Natural Health News — Human skin has an internal clock that helps it cope with UV radiation from the sun and other harmful environmental onslaughts.
A variety of cells in our body have internal clocks that help them perform certain functions depending on the time of day, and skin cells as well as some stem cells exhibit circadian (24 hour cycle) behaviours.
Previous research has shown that the skin does have its own internal rhythms that determine, for instance, that it is more likely to absorb what’s put onto it at 4pm than at 8am or you’re more likely to have an allergic skin reaction in the morning than later in the day (see our article The Secret Life of Your Skin for more on this).

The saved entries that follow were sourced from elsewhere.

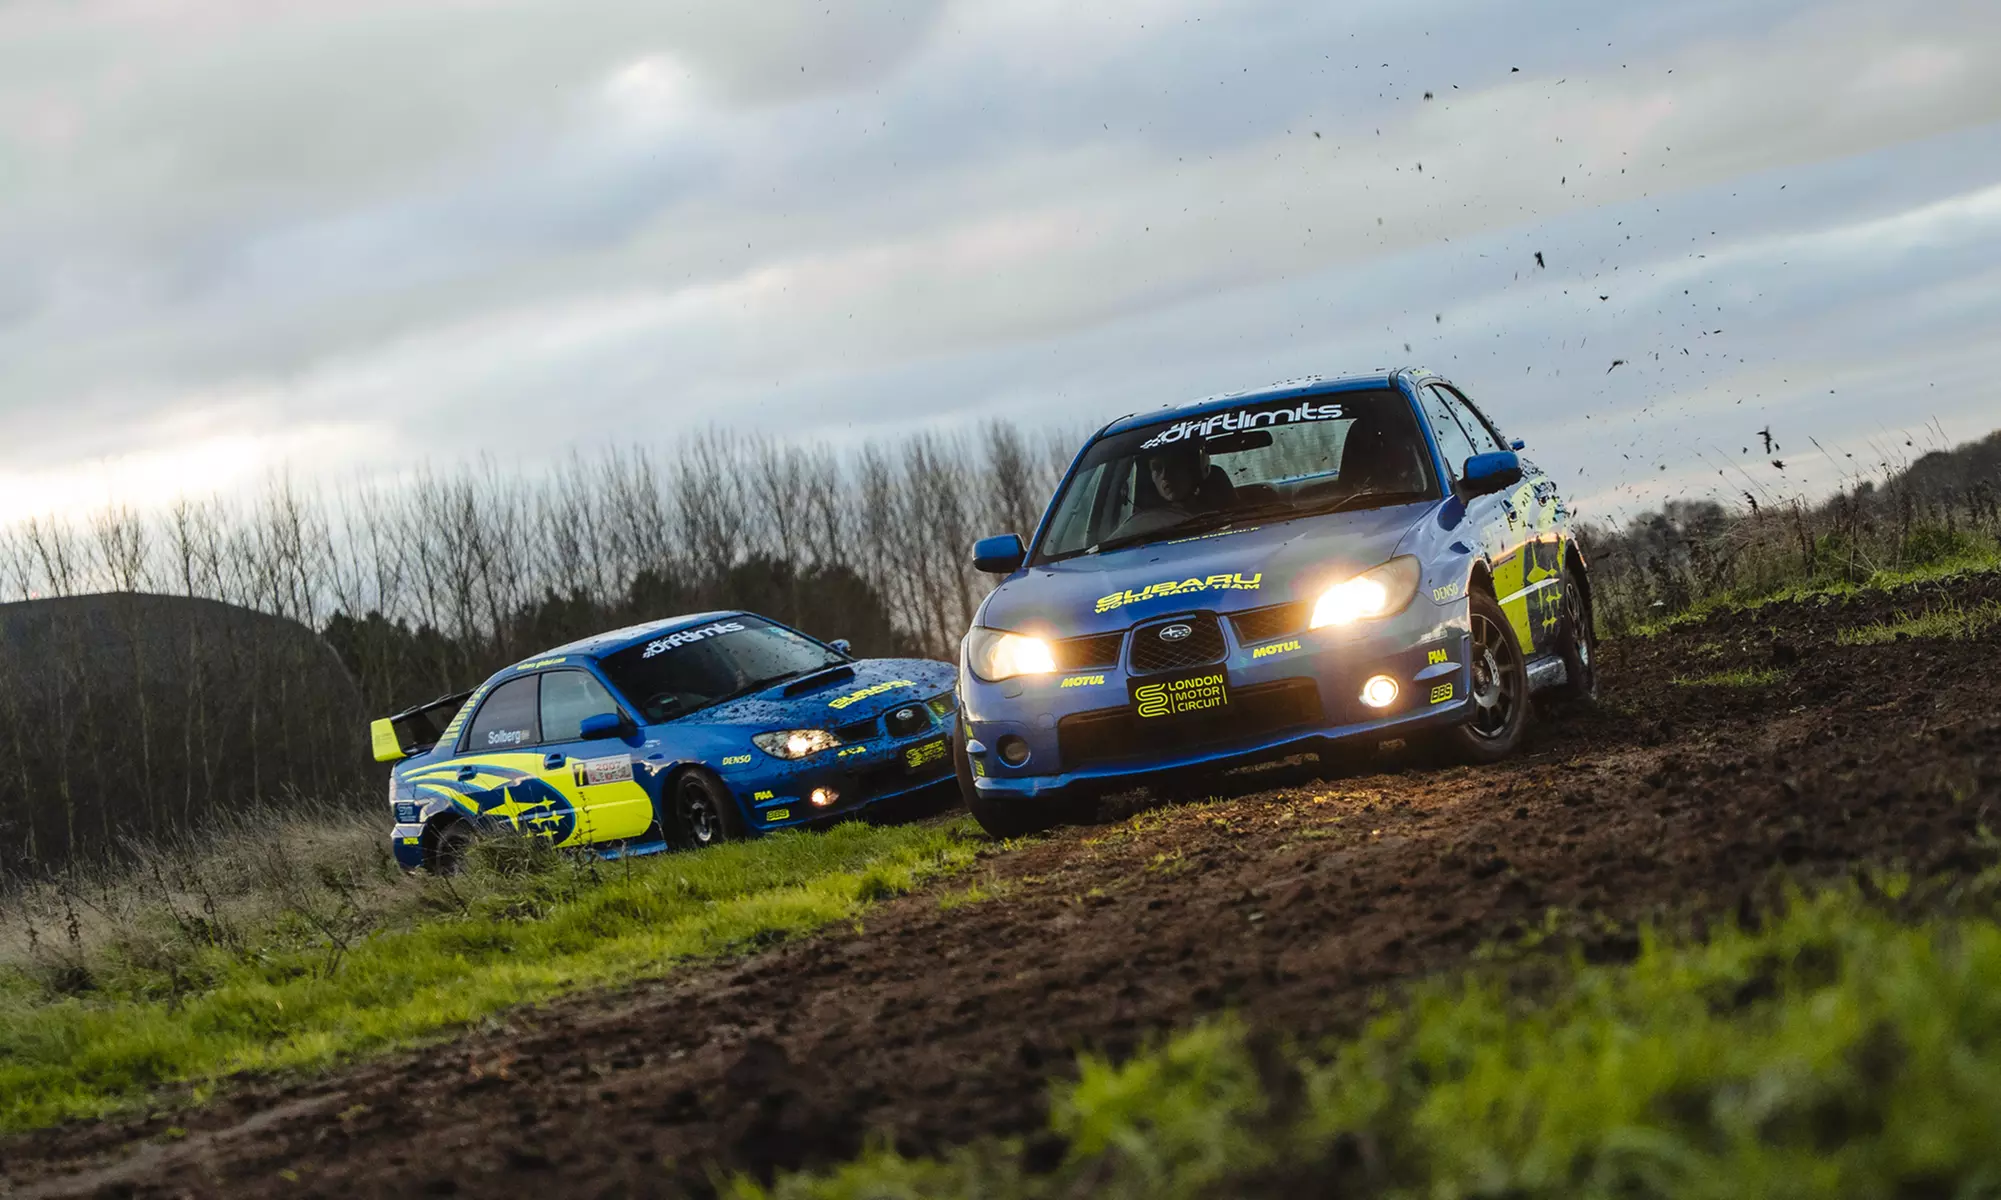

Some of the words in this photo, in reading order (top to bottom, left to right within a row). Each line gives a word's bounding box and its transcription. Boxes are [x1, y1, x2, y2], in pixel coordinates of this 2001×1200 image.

[1094, 594, 1153, 614] WORLD
[1158, 584, 1209, 598] RALLY
[1212, 582, 1260, 591] TEAM
[1096, 572, 1262, 608] SUBARU
[1432, 582, 1459, 602] DENSO
[1252, 640, 1302, 659] MOTUL
[1060, 674, 1105, 688] MOTUL
[1167, 673, 1224, 692] LONDON
[1174, 686, 1220, 702] MOTOR
[1177, 697, 1221, 713] CIRCUIT
[487, 729, 522, 745] Solberg
[722, 754, 752, 766] DENSO
[574, 763, 585, 786] 7
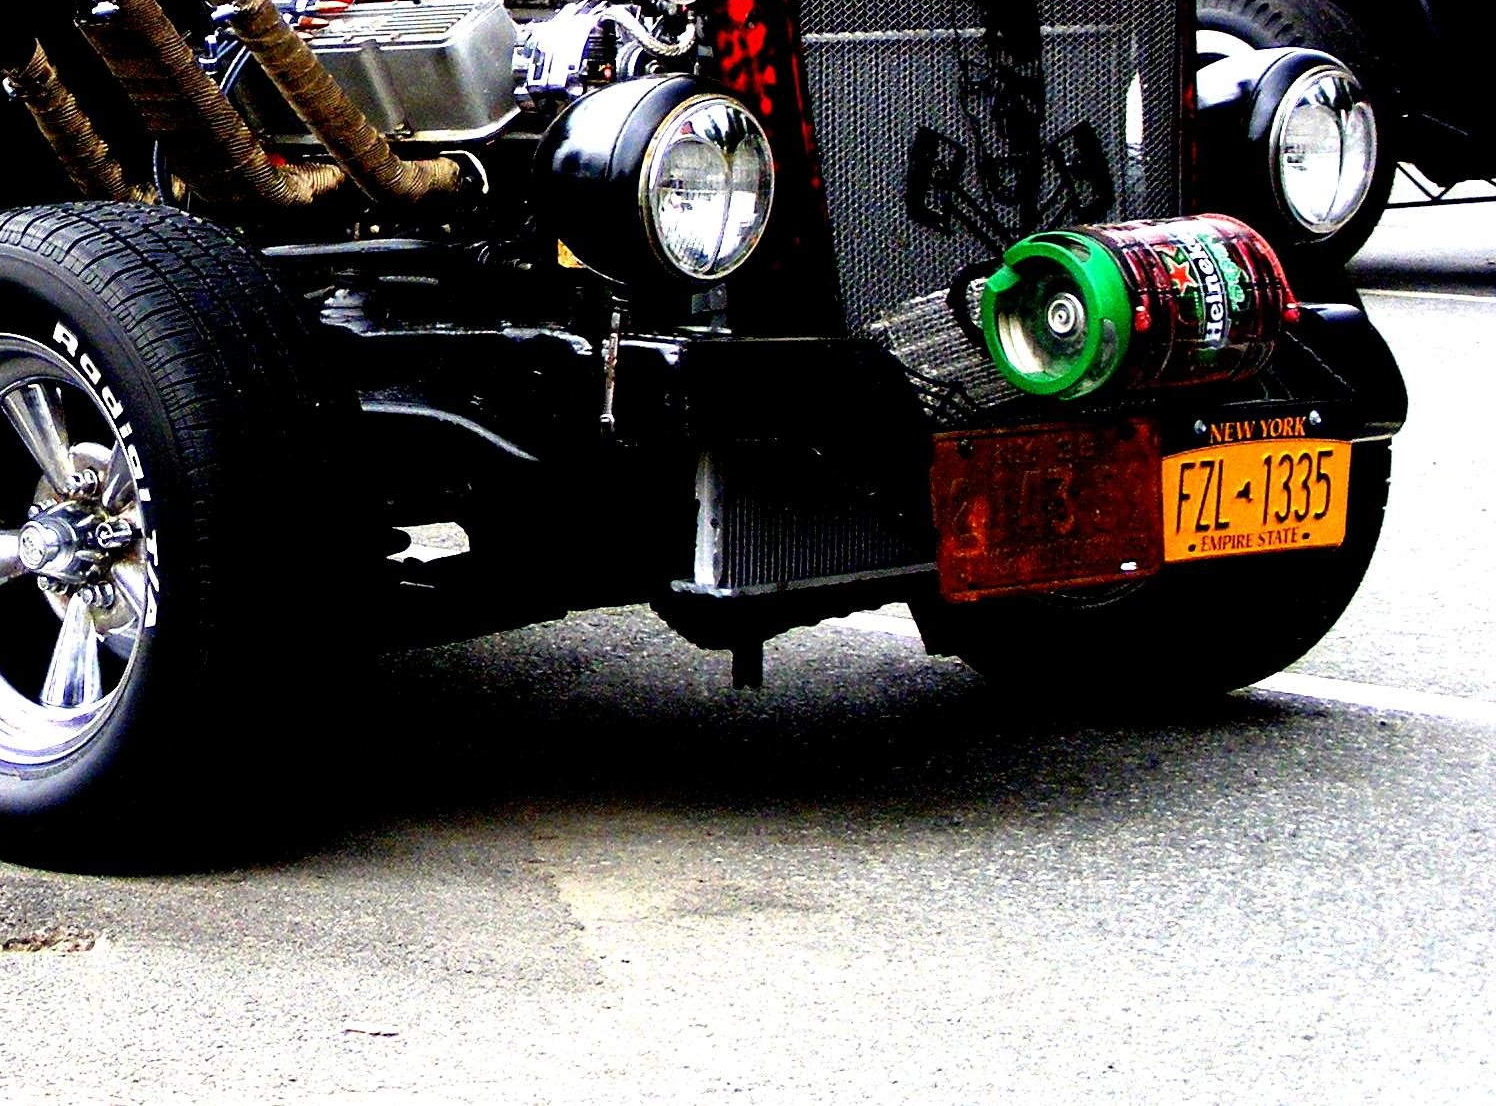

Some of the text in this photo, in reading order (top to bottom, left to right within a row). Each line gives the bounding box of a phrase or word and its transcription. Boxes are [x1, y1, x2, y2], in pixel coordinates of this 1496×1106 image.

[52, 321, 152, 502] Radial
[1210, 416, 1307, 444] NEW YORK
[1201, 527, 1300, 552] EMPIRE STATE

This latest study has found that human skin stem cells deal with these environmental threats – some of which are also cyclical – by carrying out different functions depending on the time of day.
For instance, the researchers found that distinct sets of genes in human skin stem cells show peak activity at different times of day. Genes involved in UV protection become most active during the daytime to guard these cells while they proliferate – that is, when they duplicate their DNA and are more susceptible to radiation-induced damage.

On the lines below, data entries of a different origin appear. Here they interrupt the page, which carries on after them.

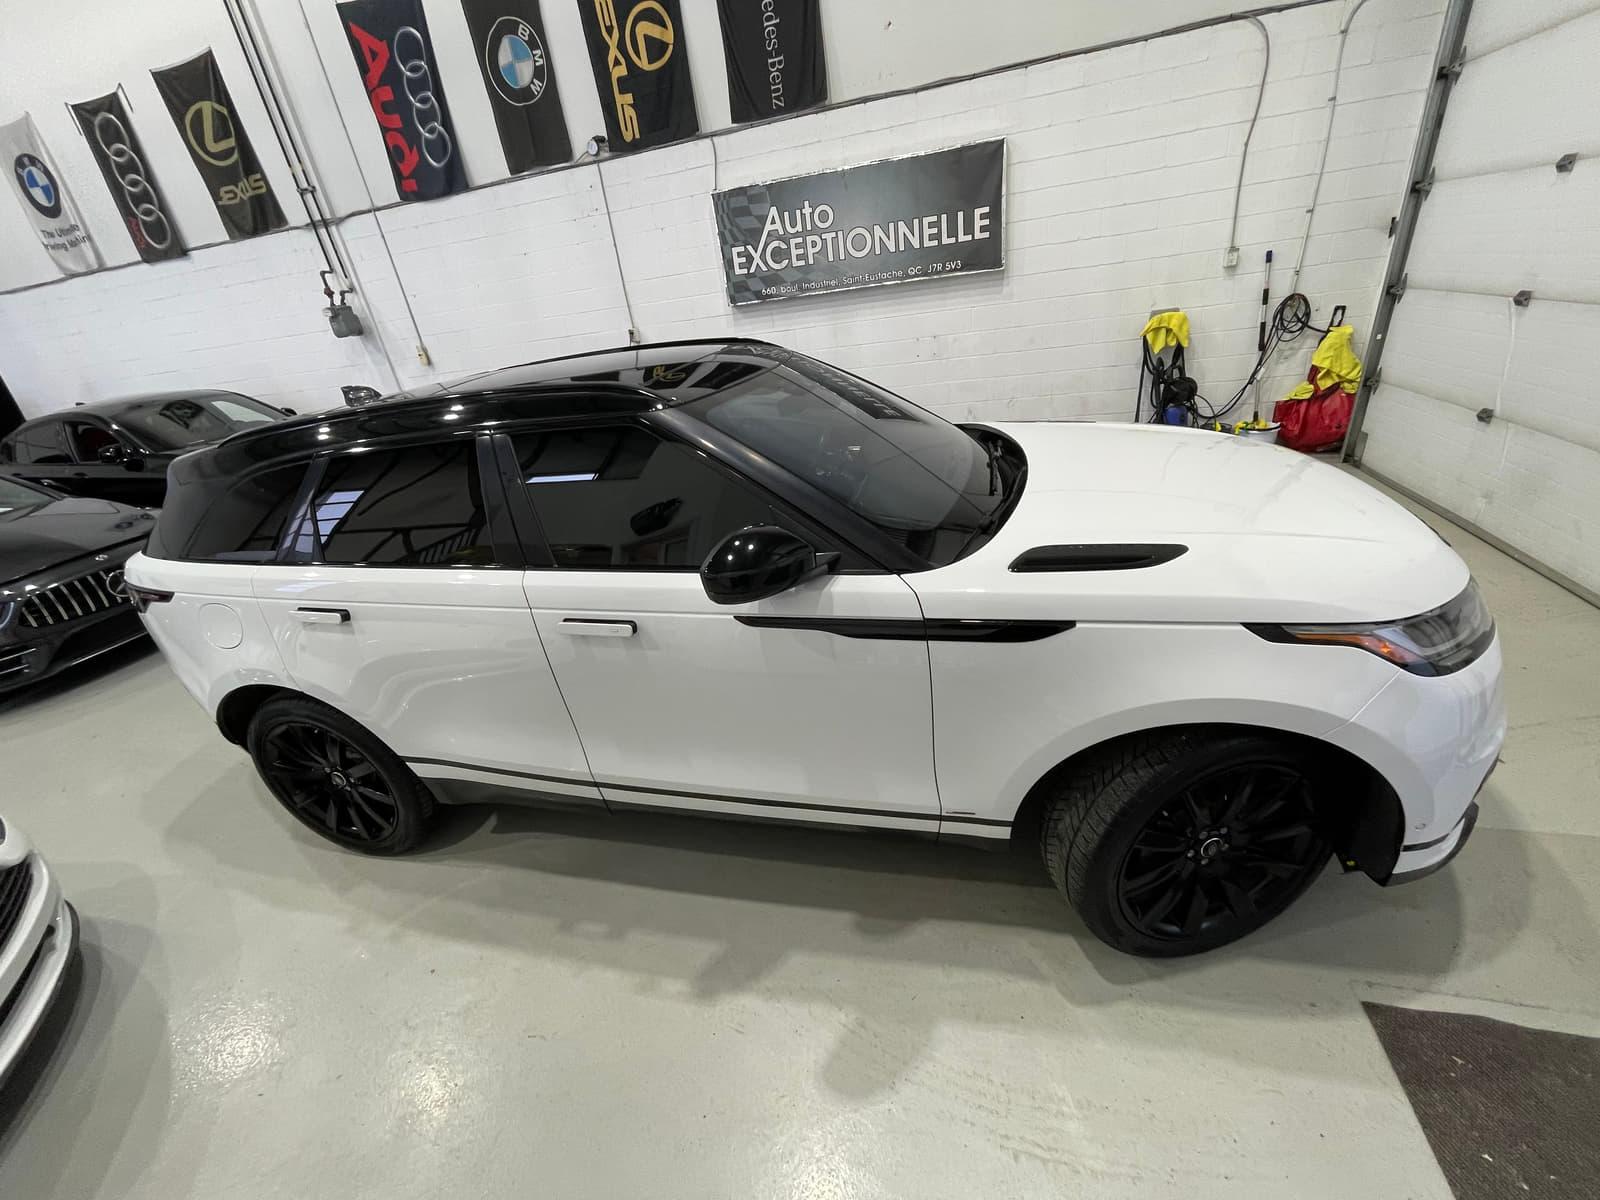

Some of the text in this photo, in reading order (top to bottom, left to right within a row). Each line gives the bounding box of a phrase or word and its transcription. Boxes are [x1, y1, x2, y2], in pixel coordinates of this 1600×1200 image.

[517, 23, 544, 96] BMW
[731, 206, 991, 275] EXCEPTIONNELLE
[763, 200, 835, 236] Auto
[907, 265, 923, 276] QC
[928, 263, 943, 273] J7R
[945, 260, 962, 271] 5V3

New insights into premature ageing
By activating genes involved in UV protection during the day, these cells protect themselves against radiation-induced DNA damage. According to the researchers, the findings, published in the journal Cell Stem Cell, could pave the way for new strategies to prevent premature ageing and cancer in humans.
“Our study shows that human skin stem cells posses an internal clock that allows them to very accurately know the time of day and helps them know when it is best to perform the correct function,” says lead author Prof Salvador Aznar Benitah of the Centre for Genomic Regulation (CRG) in Barcelona. “This is important because it seems that tissues need an accurate internal clock to remain healthy.”
Benitah and his team have previously shown that animals lacking normal circadian rhythms in skin stem cells age prematurely, suggesting that these cyclical patterns can protect against cellular damage.
“We know that the clock is gradually disrupted in aged mice and humans, and we know that preventing stem cells from accurately knowing the time of the day reduces their regenerative capacity,” Benitah says.
Understanding more about the skin’s natural rhythms and how they become disrupted, he says, may help us find ways of preventing or delaying skin ageing as well as lead to new insights in to skin cancer.